• **Available data**:
★ ★ ★ ★ ★ ★ ★
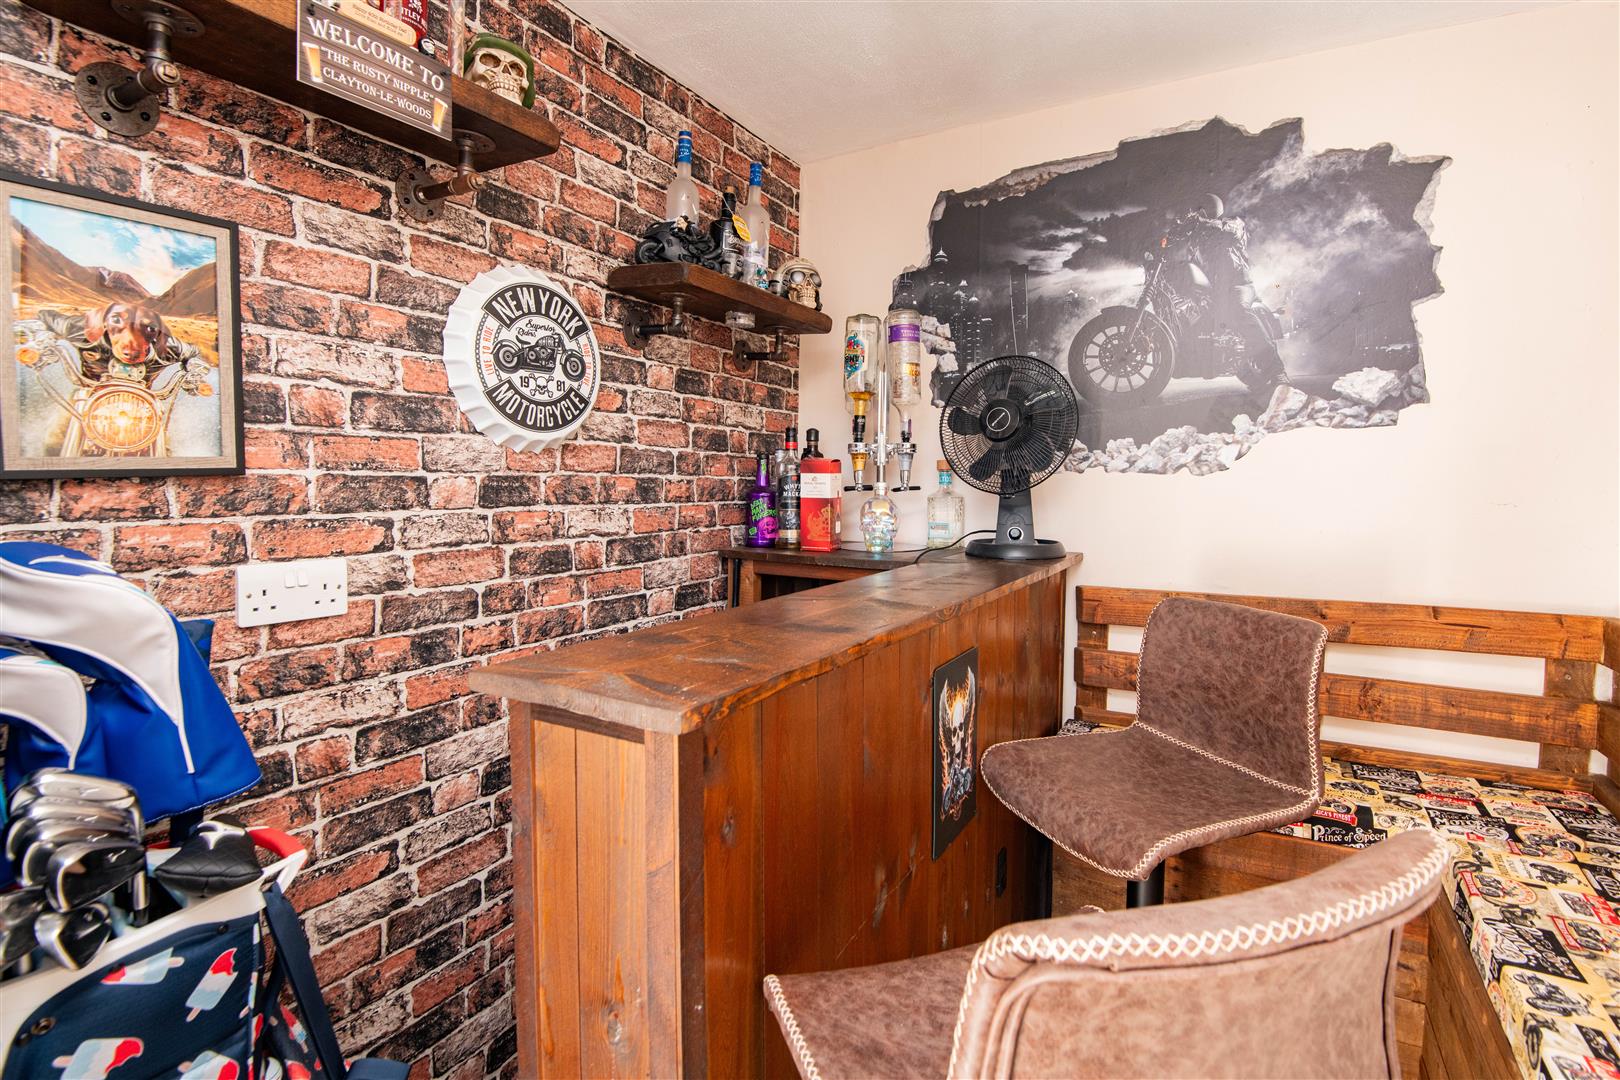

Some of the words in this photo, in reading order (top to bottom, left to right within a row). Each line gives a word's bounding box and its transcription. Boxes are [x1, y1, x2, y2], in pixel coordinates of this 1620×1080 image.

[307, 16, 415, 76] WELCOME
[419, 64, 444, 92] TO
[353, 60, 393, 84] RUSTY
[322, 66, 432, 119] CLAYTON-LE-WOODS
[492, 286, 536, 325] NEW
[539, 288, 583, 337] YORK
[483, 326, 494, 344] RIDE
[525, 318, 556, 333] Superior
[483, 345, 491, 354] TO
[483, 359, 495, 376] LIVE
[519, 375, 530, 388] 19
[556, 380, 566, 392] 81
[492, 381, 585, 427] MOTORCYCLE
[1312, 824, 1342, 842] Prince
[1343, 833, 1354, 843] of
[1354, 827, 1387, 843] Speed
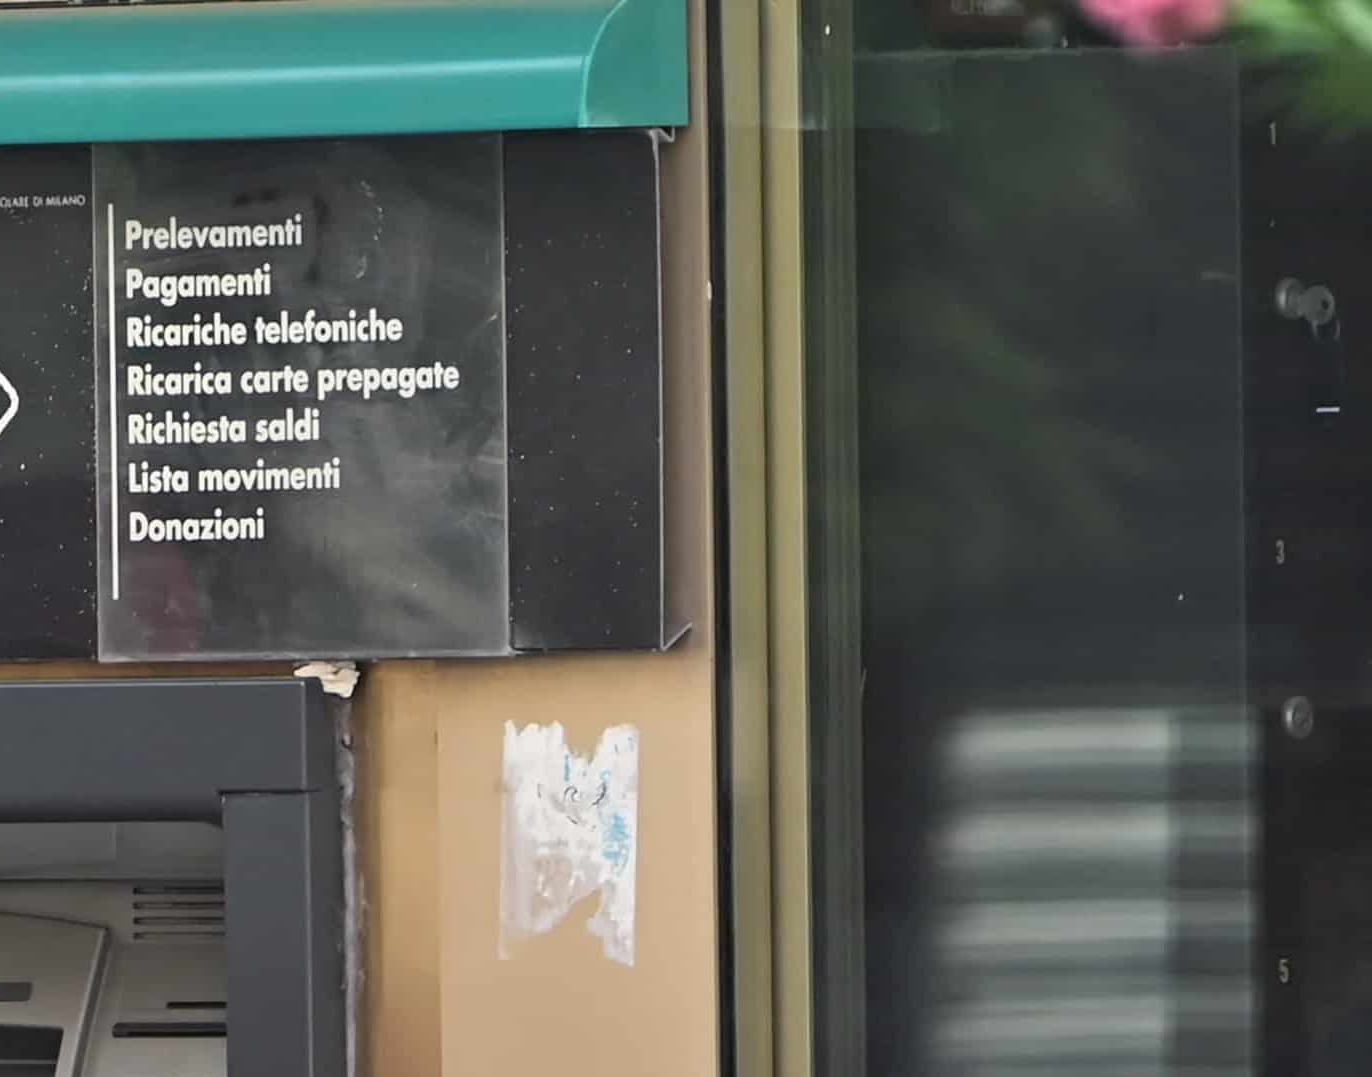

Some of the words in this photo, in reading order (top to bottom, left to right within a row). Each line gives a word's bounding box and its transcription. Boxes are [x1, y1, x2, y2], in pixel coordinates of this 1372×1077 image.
★ ★ ★ ★ ★ ★ ★
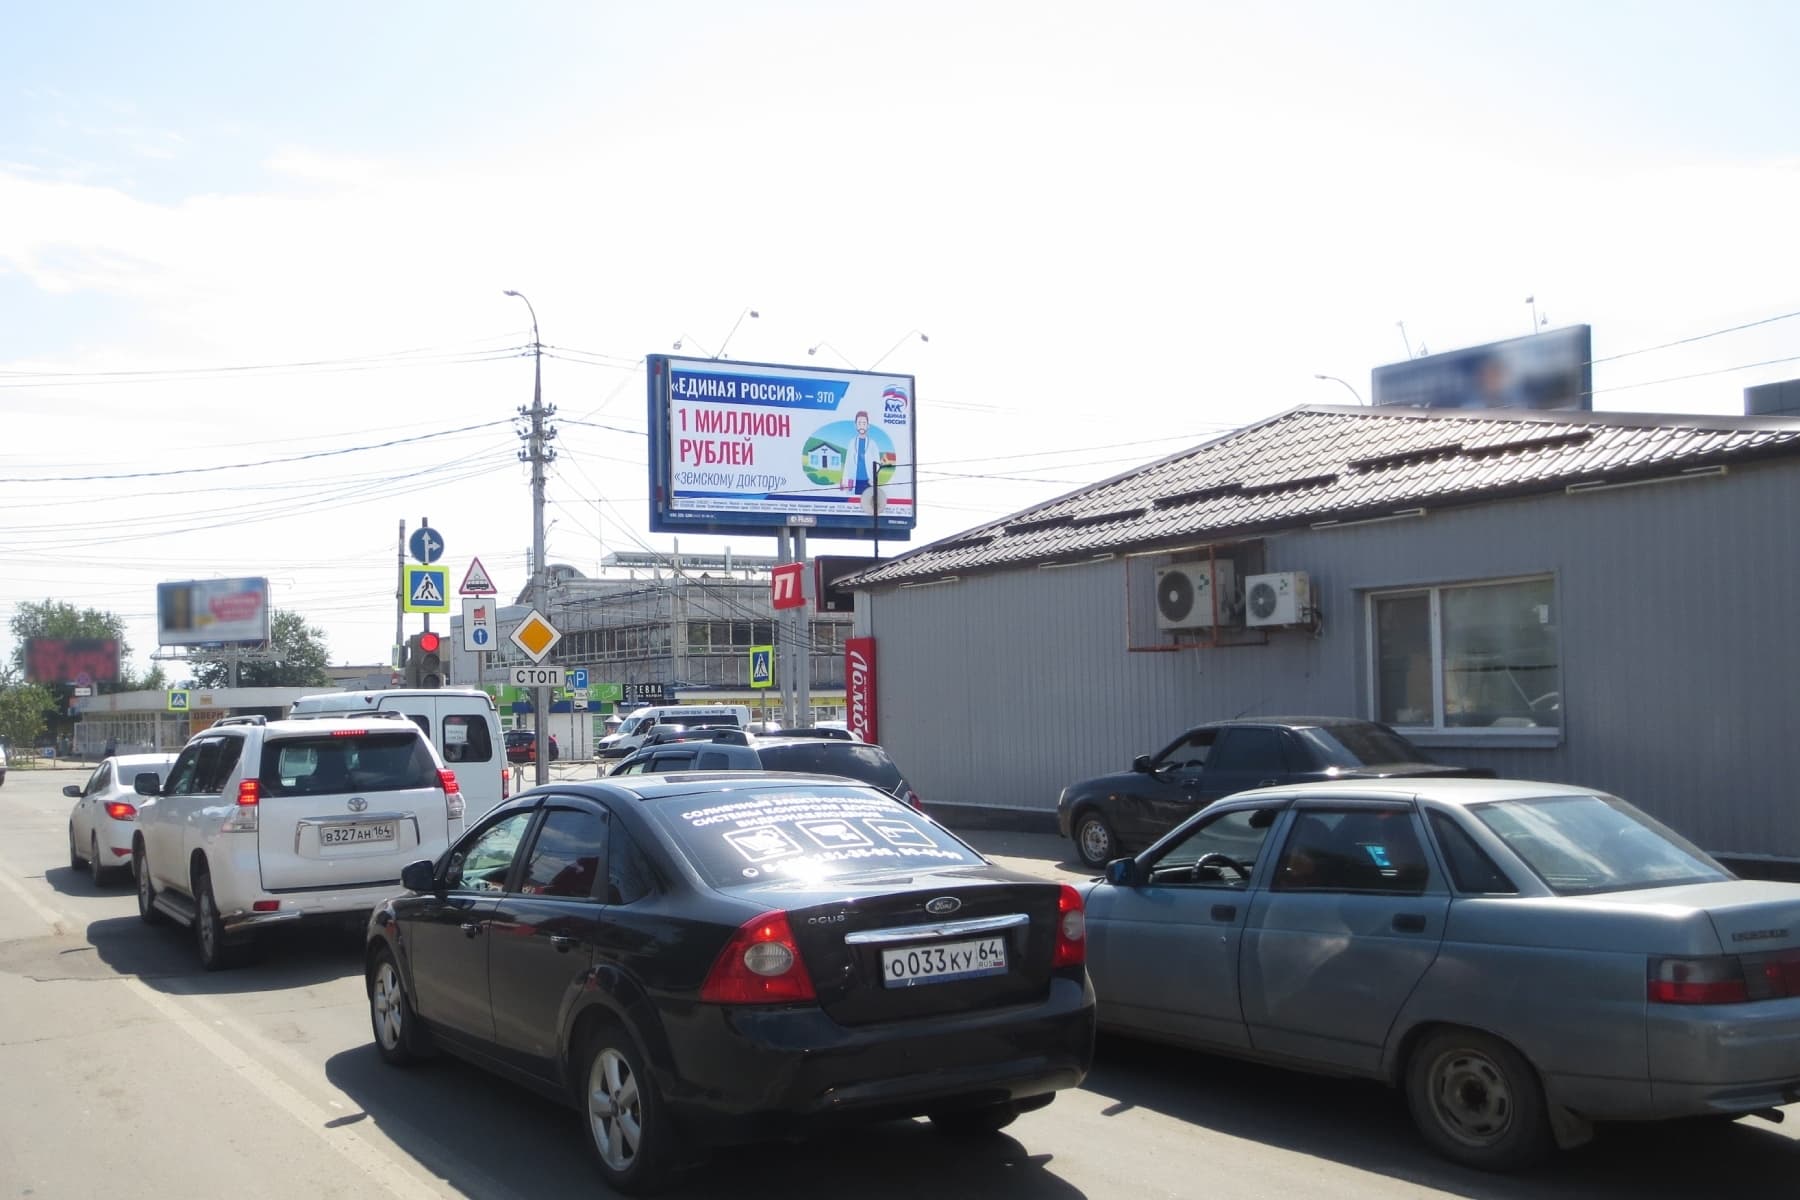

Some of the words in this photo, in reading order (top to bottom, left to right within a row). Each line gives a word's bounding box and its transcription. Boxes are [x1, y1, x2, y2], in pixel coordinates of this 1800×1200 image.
★ ★ ★ ★ ★ ★ ★
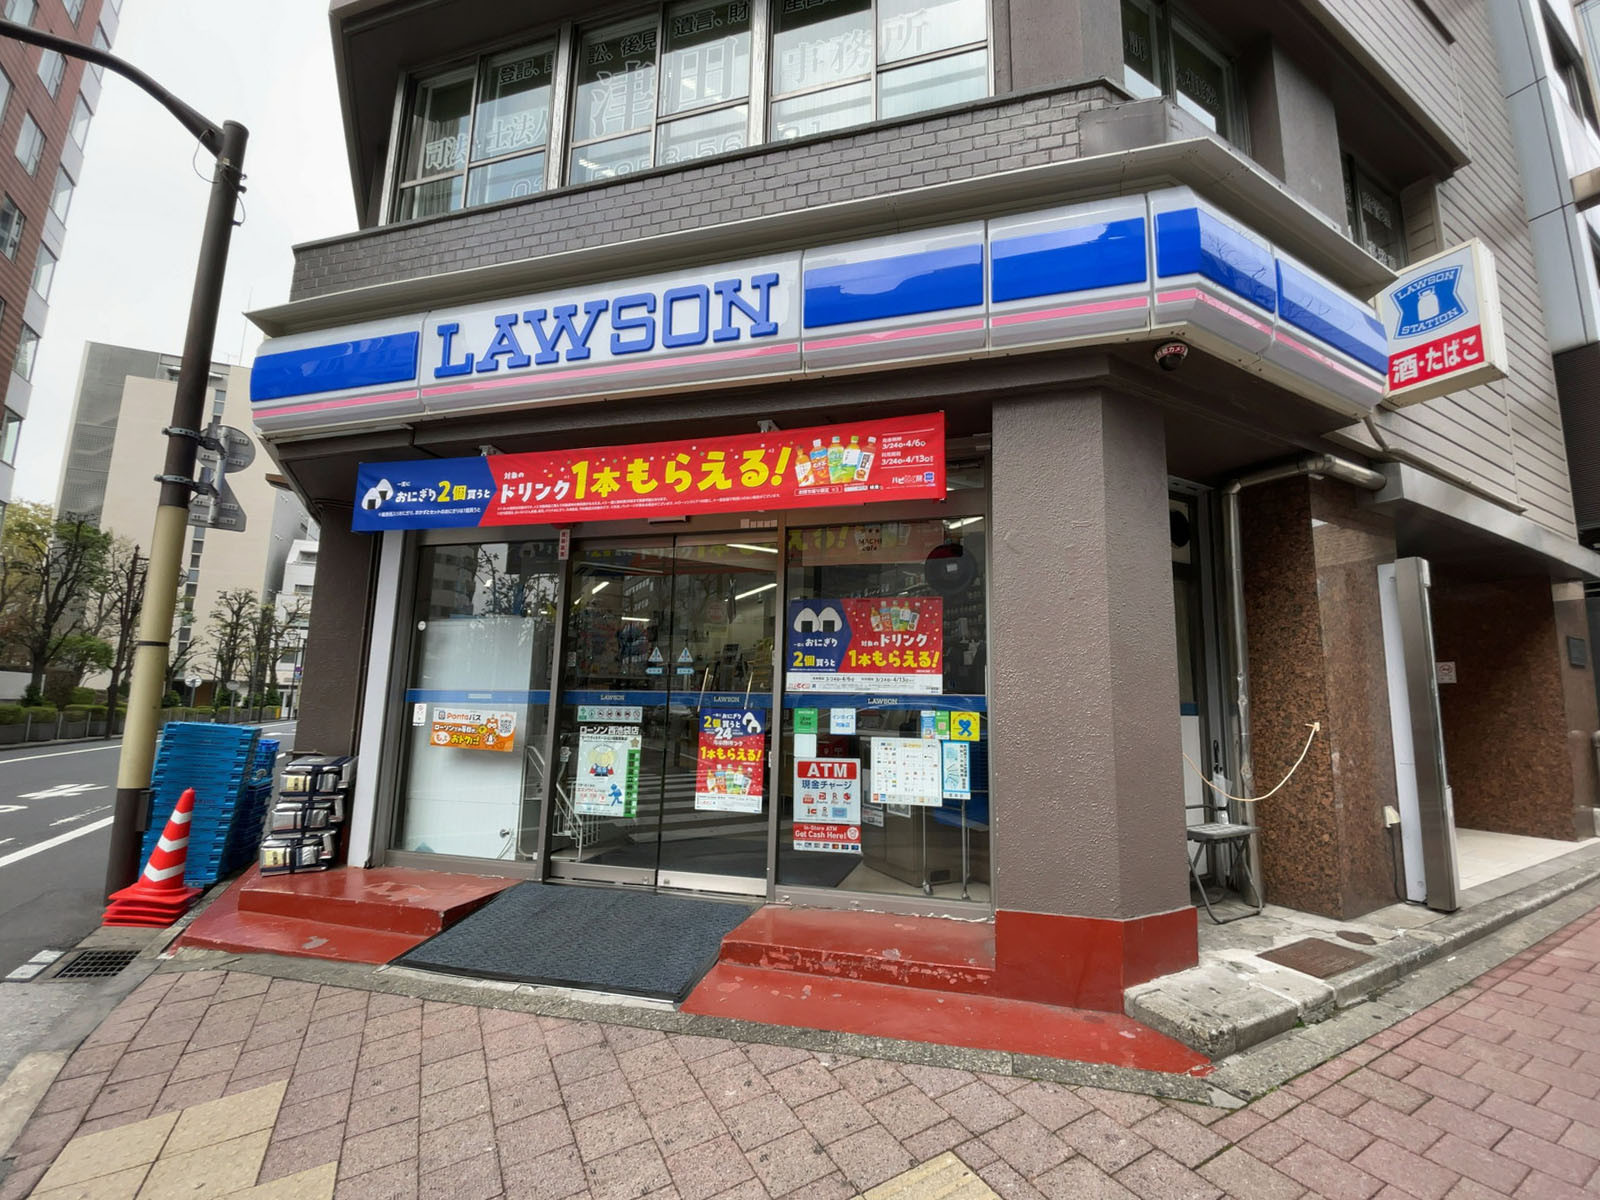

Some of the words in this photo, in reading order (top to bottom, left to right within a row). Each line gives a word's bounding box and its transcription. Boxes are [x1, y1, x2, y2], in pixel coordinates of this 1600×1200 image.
★ ★ ★ ★ ★ ★ ★
• **Your goal**:
From the records above, output only the lines starting at the one containing "this 1620×1080 image." and ending at the one containing "this 1372×1077 image.", word for word. Pictures stay out.

• **Your solution**:
Some of the words in this photo, in reading order (top to bottom, left to right within a row). Each line gives a word's bounding box and its transcription. Boxes are [x1, y1, x2, y2], in pixel coordinates of this 1620×1080 image.

[307, 16, 415, 76] WELCOME
[419, 64, 444, 92] TO
[353, 60, 393, 84] RUSTY
[322, 66, 432, 119] CLAYTON-LE-WOODS
[492, 286, 536, 325] NEW
[539, 288, 583, 337] YORK
[483, 326, 494, 344] RIDE
[525, 318, 556, 333] Superior
[483, 345, 491, 354] TO
[483, 359, 495, 376] LIVE
[519, 375, 530, 388] 19
[556, 380, 566, 392] 81
[492, 381, 585, 427] MOTORCYCLE
[1312, 824, 1342, 842] Prince
[1343, 833, 1354, 843] of
[1354, 827, 1387, 843] Speed

Some of the words in this photo, in reading order (top to bottom, left to right within a row). Each line gives a word's bounding box and its transcription. Boxes are [x1, y1, x2, y2], in pixel coordinates of this 1372×1077 image.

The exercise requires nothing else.